Exercise directions —
Write out the records in full, exactly as given, but without the images.

[Phrase grounding data]
☆ ☆ ☆ ☆ ☆ ☆ ☆
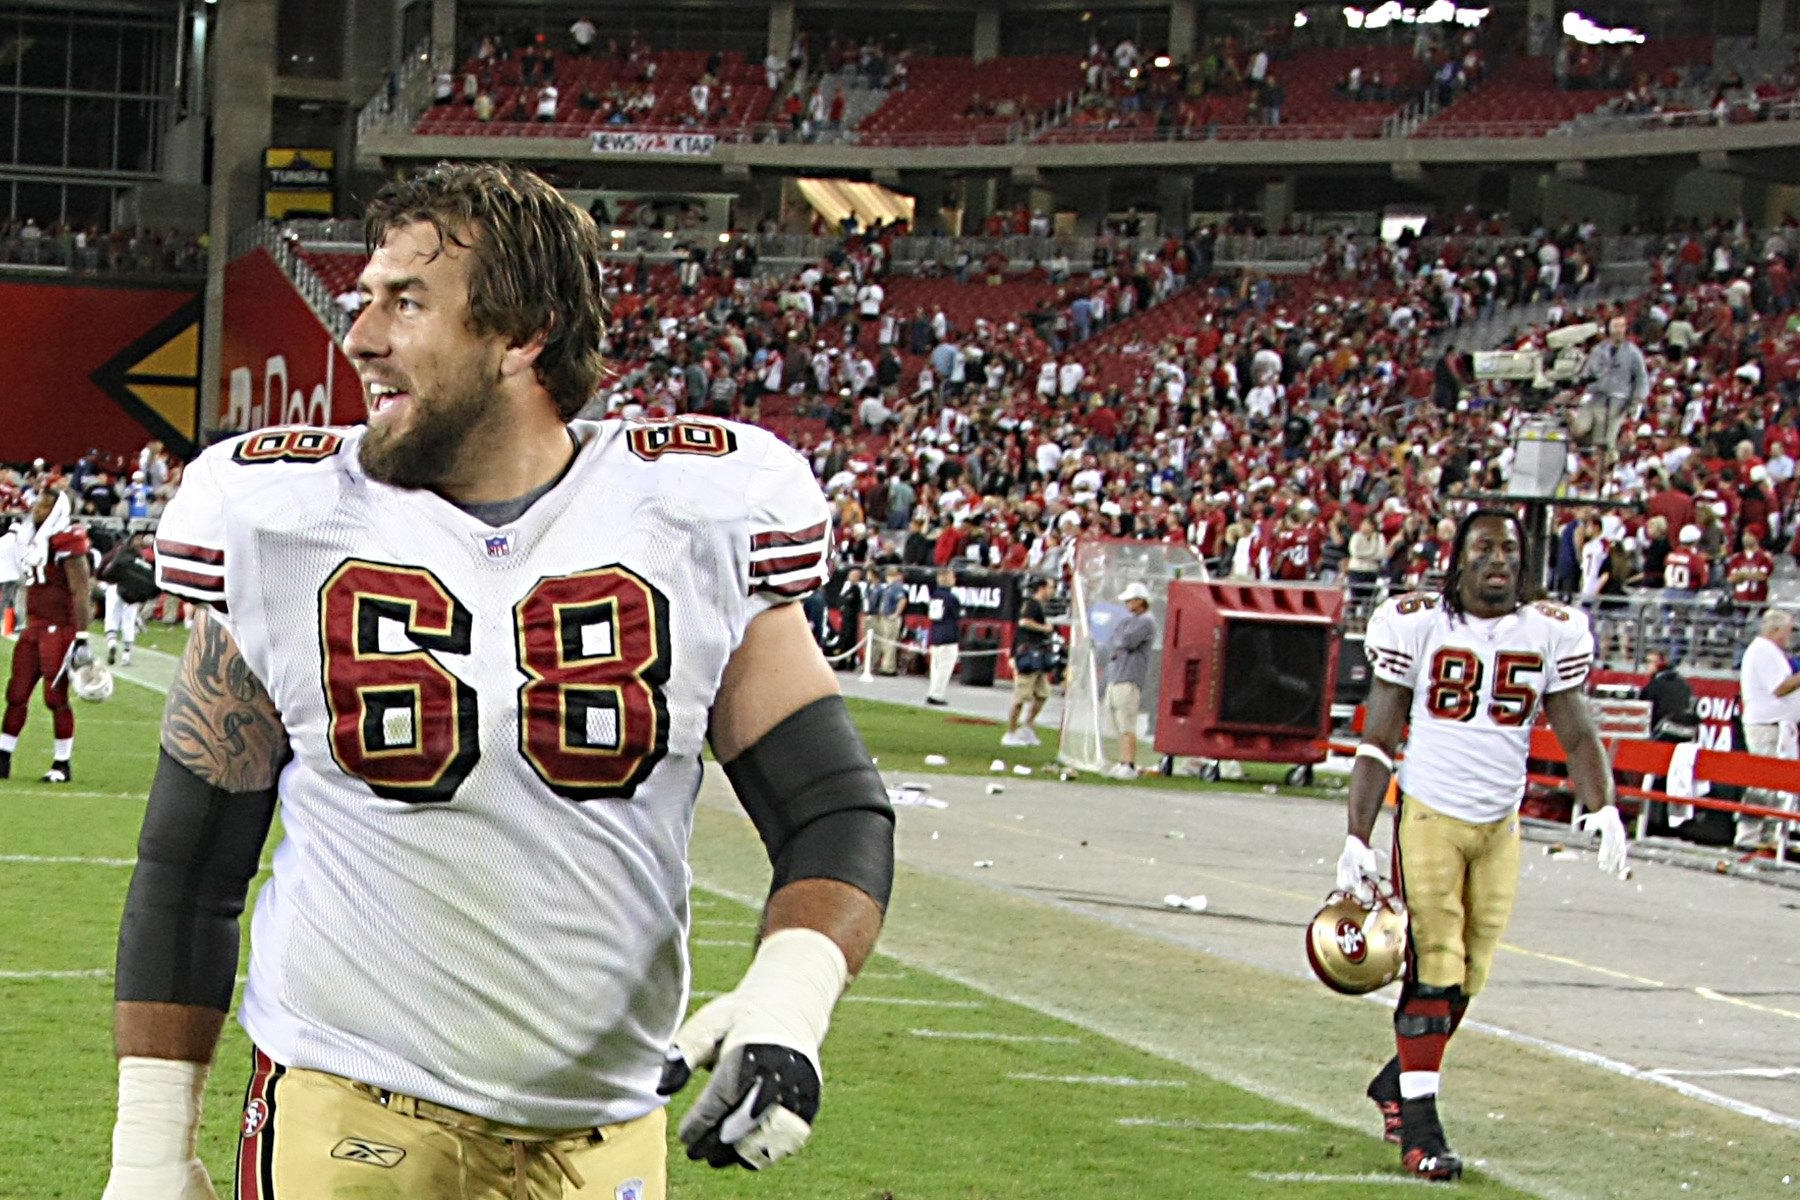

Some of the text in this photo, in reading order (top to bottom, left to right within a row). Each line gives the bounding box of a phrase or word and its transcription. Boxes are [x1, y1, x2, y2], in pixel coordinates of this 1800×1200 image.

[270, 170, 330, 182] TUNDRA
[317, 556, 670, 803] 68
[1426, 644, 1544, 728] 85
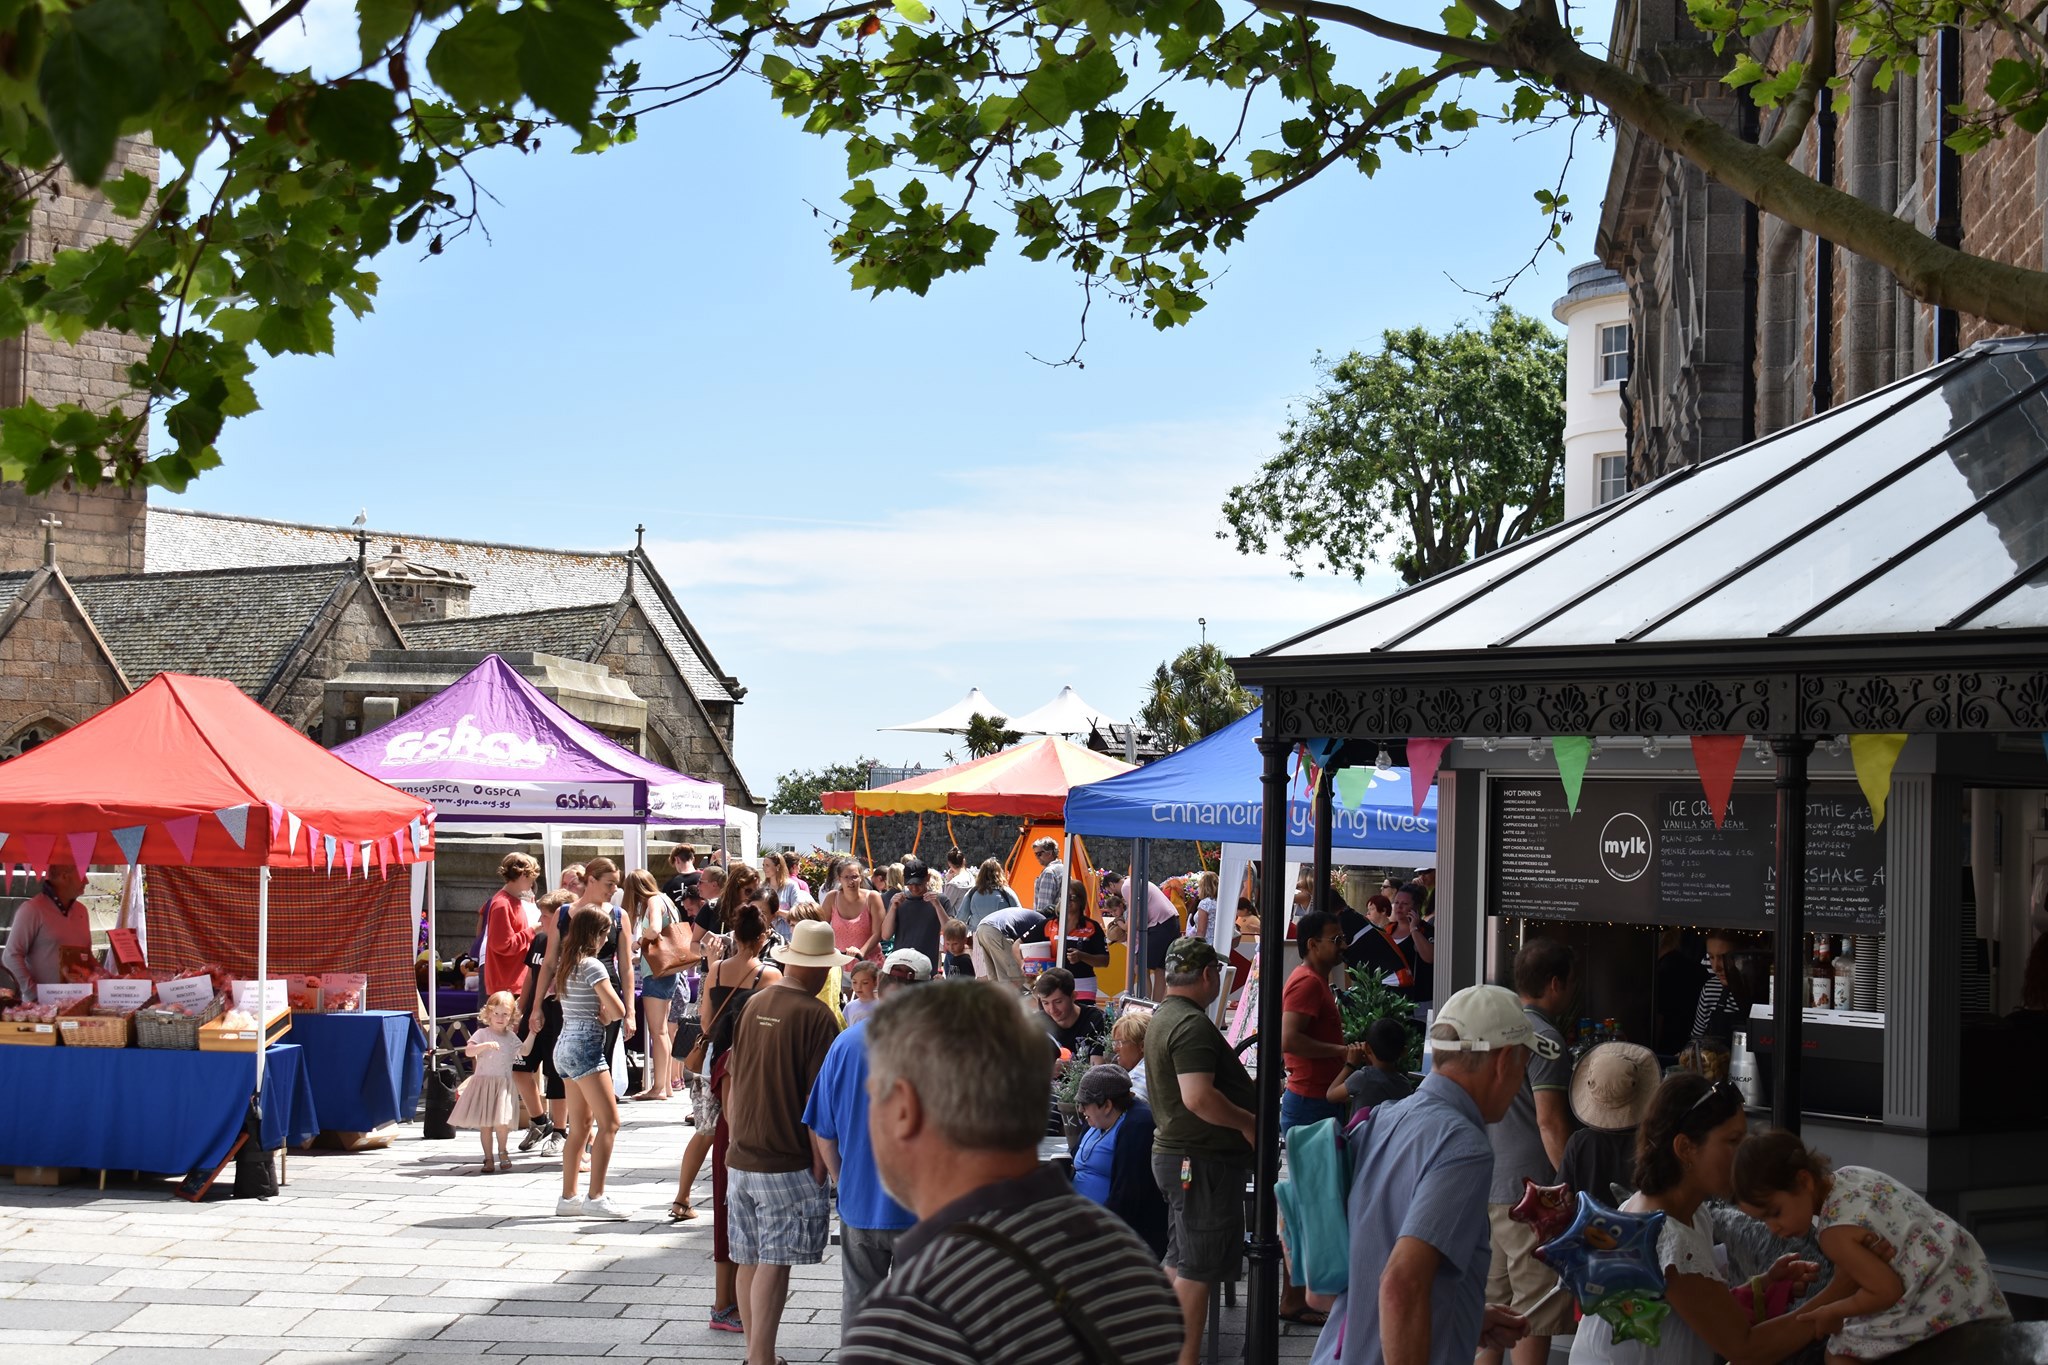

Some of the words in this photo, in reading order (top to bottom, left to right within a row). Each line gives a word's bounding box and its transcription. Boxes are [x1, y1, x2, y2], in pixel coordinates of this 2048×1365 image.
☆ ☆ ☆ ☆ ☆ ☆ ☆
Task result —
Some of the text in this photo, in reading order (top to bottom, left to right within a row). Each line gives the bounding box of a phrase or word and its transcription. Boxes are [x1, y1, x2, y2], in pixel coordinates of this 1800×1200 image.

[270, 170, 330, 182] TUNDRA
[317, 556, 670, 803] 68
[1426, 644, 1544, 728] 85

Some of the words in this photo, in reading order (top to bottom, left to right within a row). Each line gives a word's bounding box and its transcription. Boxes are [x1, y1, x2, y2], in pixel coordinates of this 2048×1365 image.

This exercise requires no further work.